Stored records
Segment Open

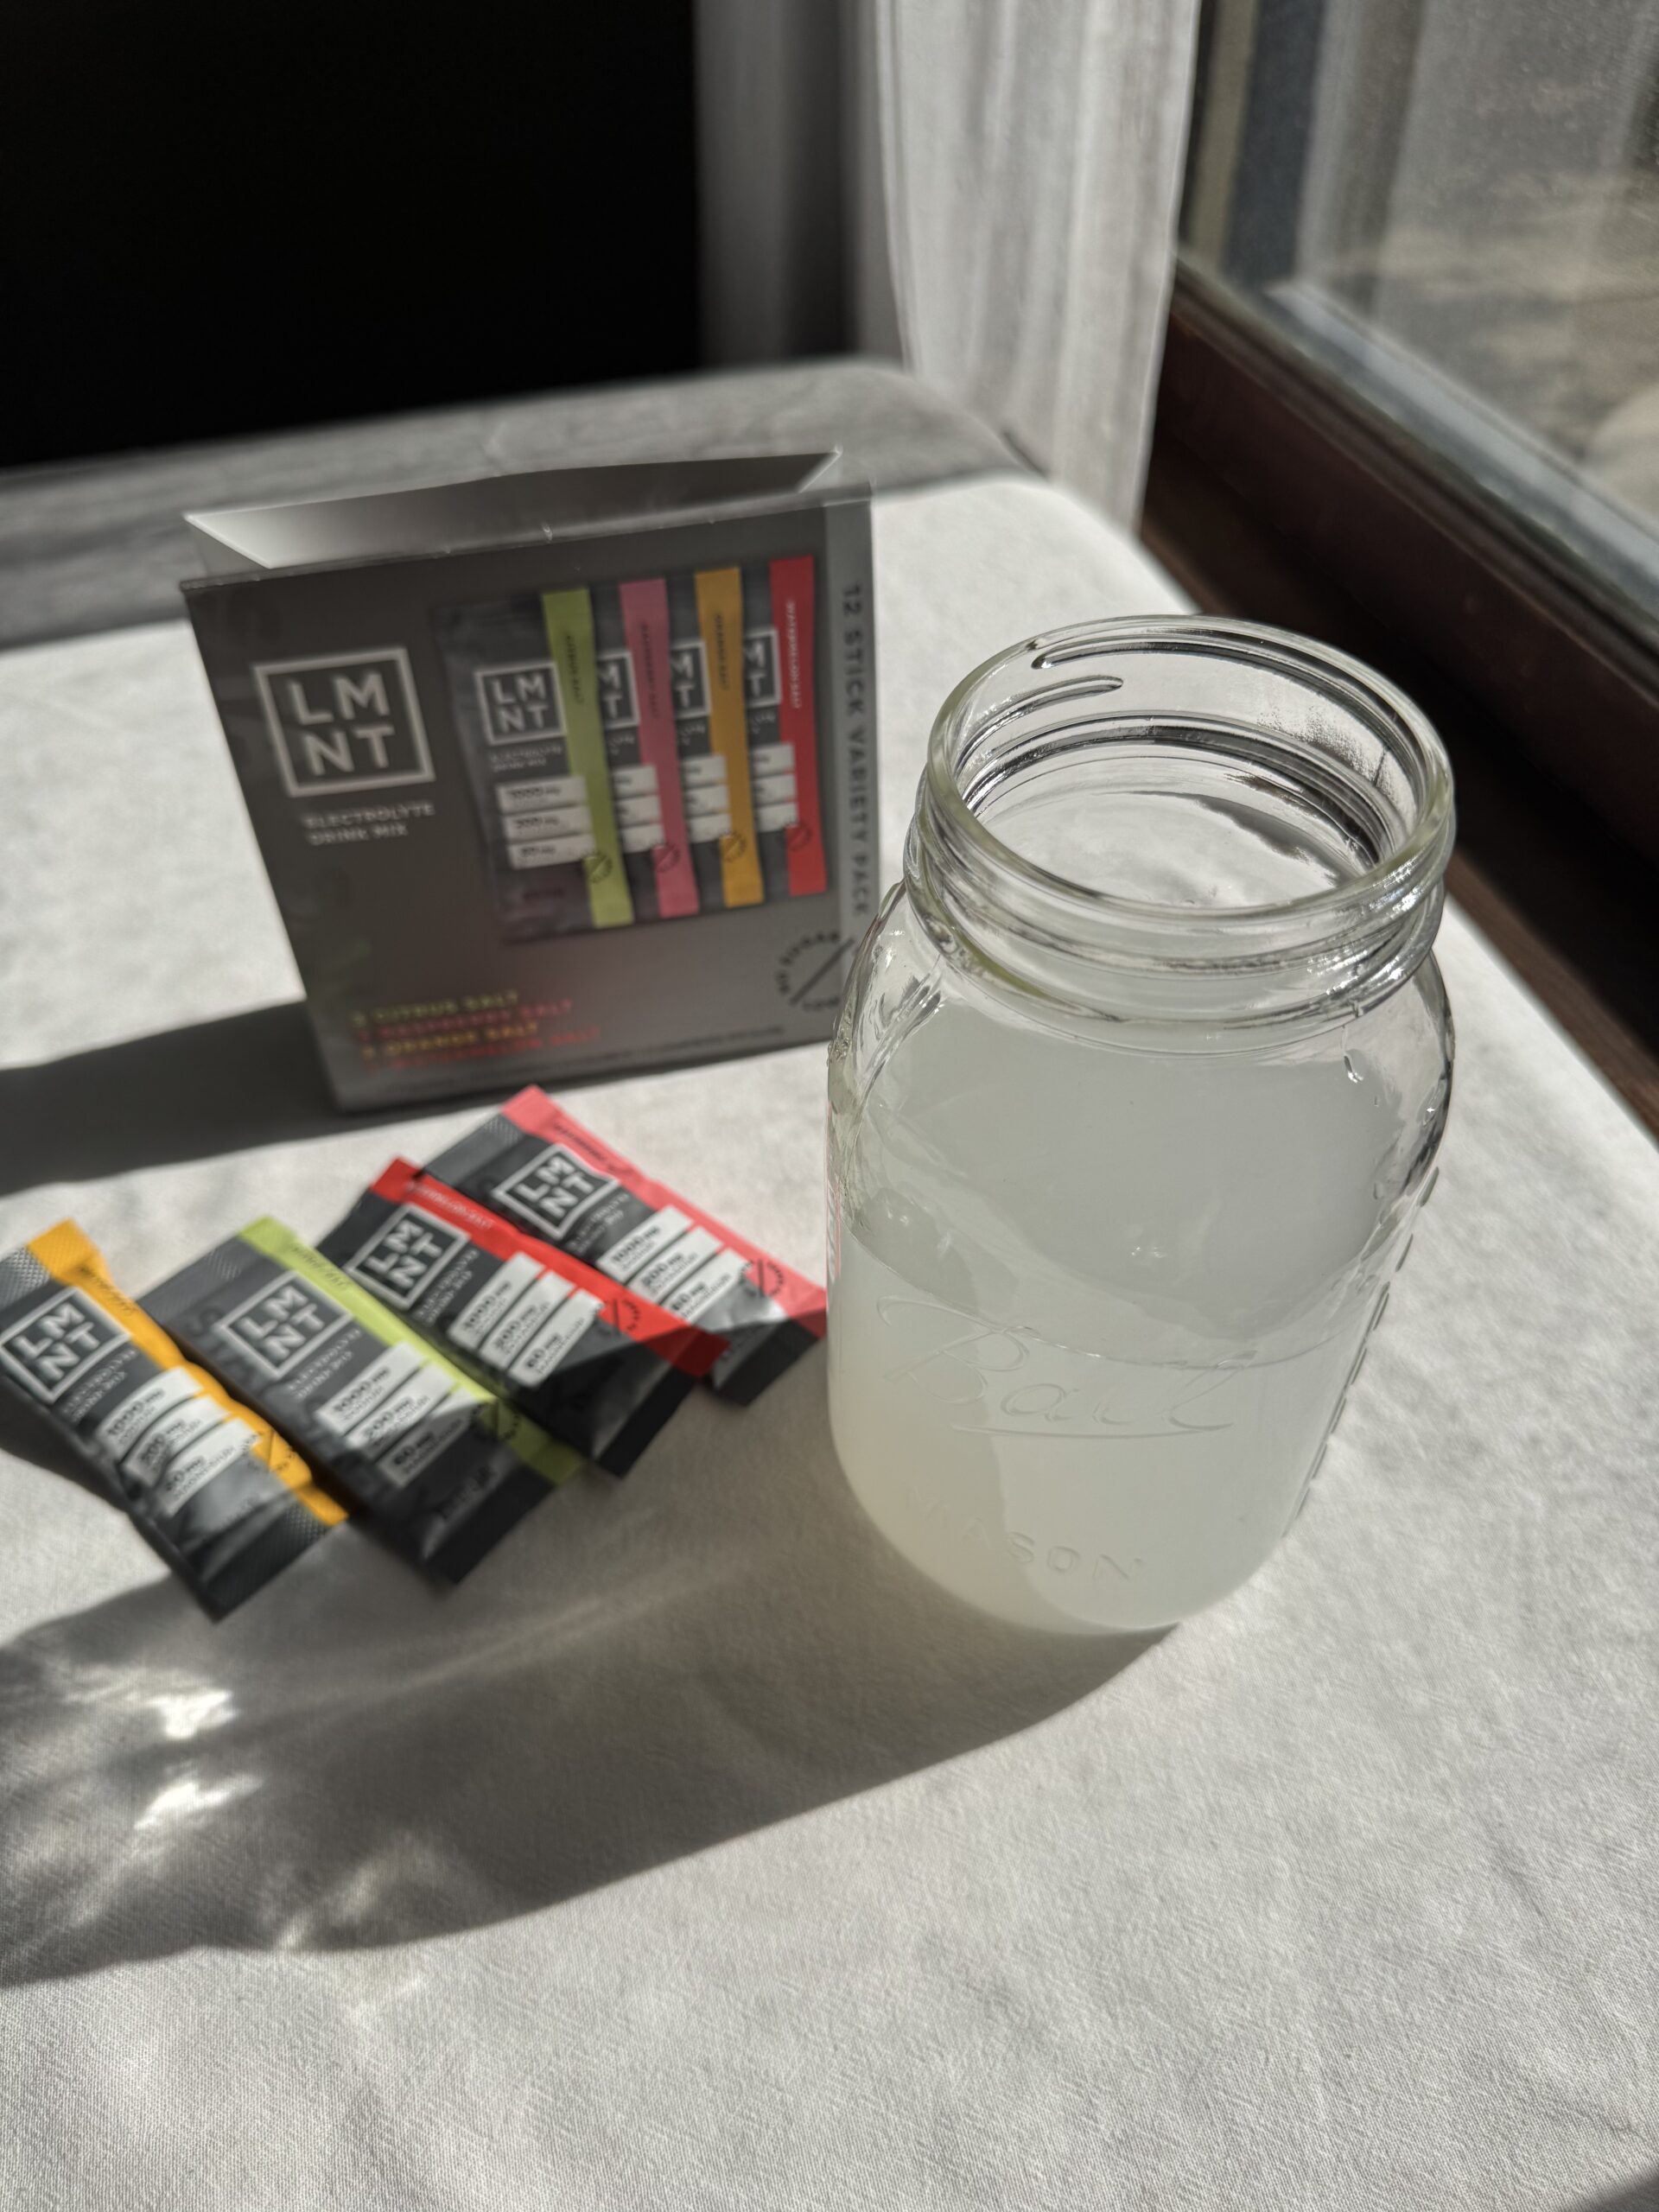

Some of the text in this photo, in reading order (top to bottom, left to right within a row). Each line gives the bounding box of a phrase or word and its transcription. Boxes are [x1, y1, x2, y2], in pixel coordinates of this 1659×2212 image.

[842, 582, 870, 917] 12 STICK VARIETY PACK
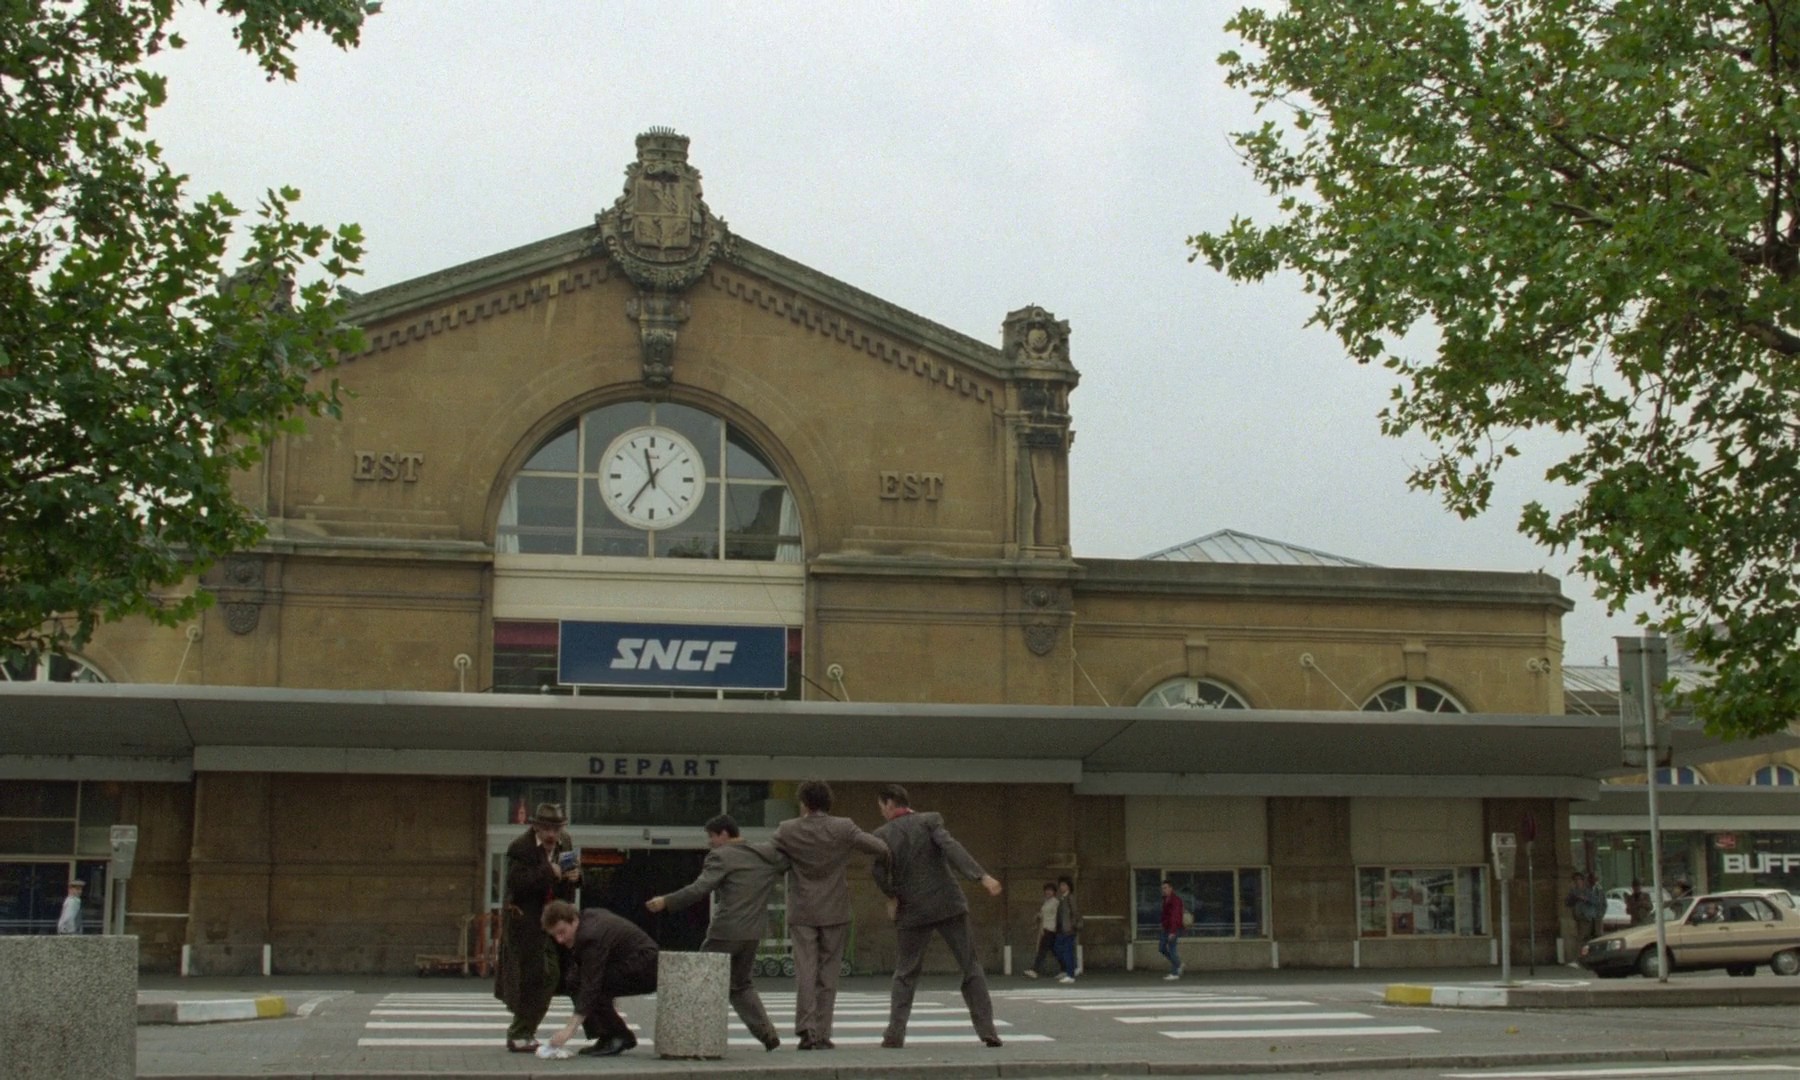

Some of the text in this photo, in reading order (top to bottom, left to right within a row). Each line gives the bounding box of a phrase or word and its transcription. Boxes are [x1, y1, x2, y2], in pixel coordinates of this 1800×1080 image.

[354, 450, 423, 482] EST
[880, 471, 943, 501] EST
[610, 638, 737, 671] SNCF
[588, 757, 720, 776] DEPART

Segment Closed

**Task to complete:** Repeat the entries word for word and skip the pictures.

**Finished task:**
Some of the text in this photo, in reading order (top to bottom, left to right within a row). Each line gives the bounding box of a phrase or word and its transcription. Boxes are [x1, y1, x2, y2], in pixel coordinates of this 1659×2212 image.

[842, 582, 870, 917] 12 STICK VARIETY PACK

Some of the text in this photo, in reading order (top to bottom, left to right within a row). Each line gives the bounding box of a phrase or word and its transcription. Boxes are [x1, y1, x2, y2], in pixel coordinates of this 1800×1080 image.

[354, 450, 423, 482] EST
[880, 471, 943, 501] EST
[610, 638, 737, 671] SNCF
[588, 757, 720, 776] DEPART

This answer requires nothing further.